**AIM OF THE TASK:**
Exact copy, pictures excluded: please retype every record below.

**MATERIAL FOR THE TASK:**
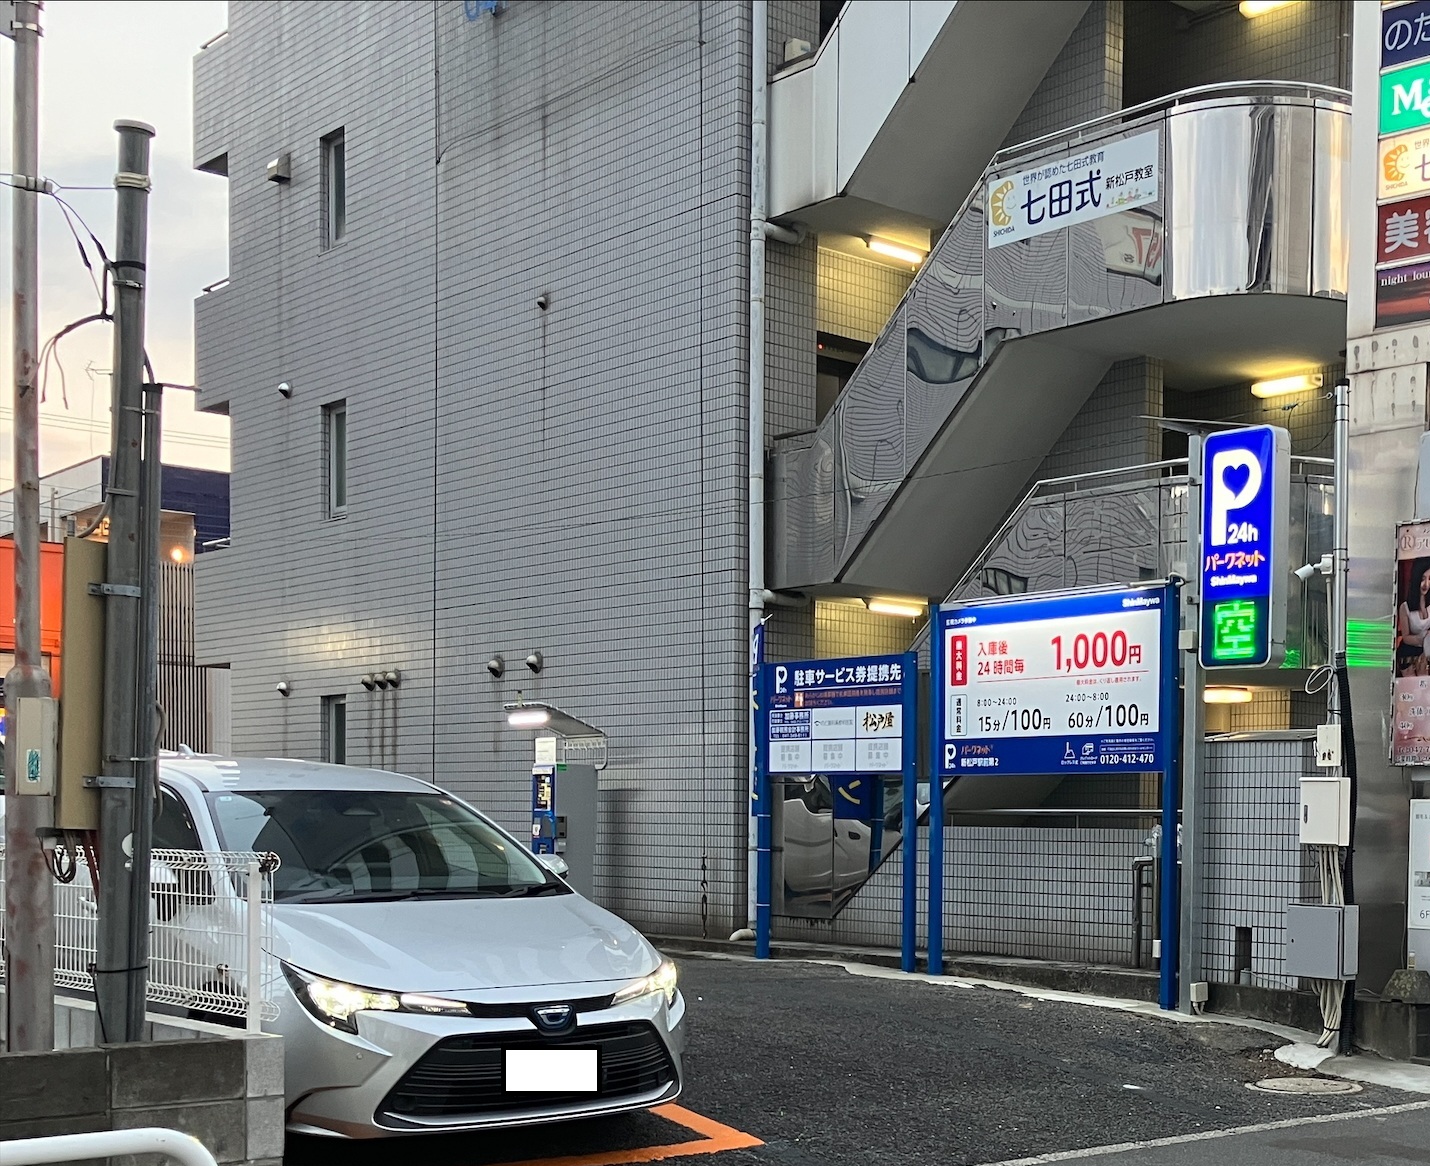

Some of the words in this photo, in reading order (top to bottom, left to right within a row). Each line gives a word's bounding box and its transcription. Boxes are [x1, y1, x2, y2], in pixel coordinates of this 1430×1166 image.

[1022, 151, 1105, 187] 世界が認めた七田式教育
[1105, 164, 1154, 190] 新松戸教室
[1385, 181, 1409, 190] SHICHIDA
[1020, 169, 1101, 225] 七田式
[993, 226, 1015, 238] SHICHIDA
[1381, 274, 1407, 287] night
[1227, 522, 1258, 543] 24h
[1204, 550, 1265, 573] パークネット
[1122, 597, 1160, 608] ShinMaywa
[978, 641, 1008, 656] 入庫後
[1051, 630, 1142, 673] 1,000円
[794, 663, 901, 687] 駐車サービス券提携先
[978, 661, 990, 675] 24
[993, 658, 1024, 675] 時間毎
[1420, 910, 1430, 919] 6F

**YOUR SOLUTION:**
Some of the words in this photo, in reading order (top to bottom, left to right within a row). Each line gives a word's bounding box and its transcription. Boxes are [x1, y1, x2, y2], in pixel coordinates of this 1430×1166 image.

[1022, 151, 1105, 187] 世界が認めた七田式教育
[1105, 164, 1154, 190] 新松戸教室
[1385, 181, 1409, 190] SHICHIDA
[1020, 169, 1101, 225] 七田式
[993, 226, 1015, 238] SHICHIDA
[1381, 274, 1407, 287] night
[1227, 522, 1258, 543] 24h
[1204, 550, 1265, 573] パークネット
[1122, 597, 1160, 608] ShinMaywa
[978, 641, 1008, 656] 入庫後
[1051, 630, 1142, 673] 1,000円
[794, 663, 901, 687] 駐車サービス券提携先
[978, 661, 990, 675] 24
[993, 658, 1024, 675] 時間毎
[1420, 910, 1430, 919] 6F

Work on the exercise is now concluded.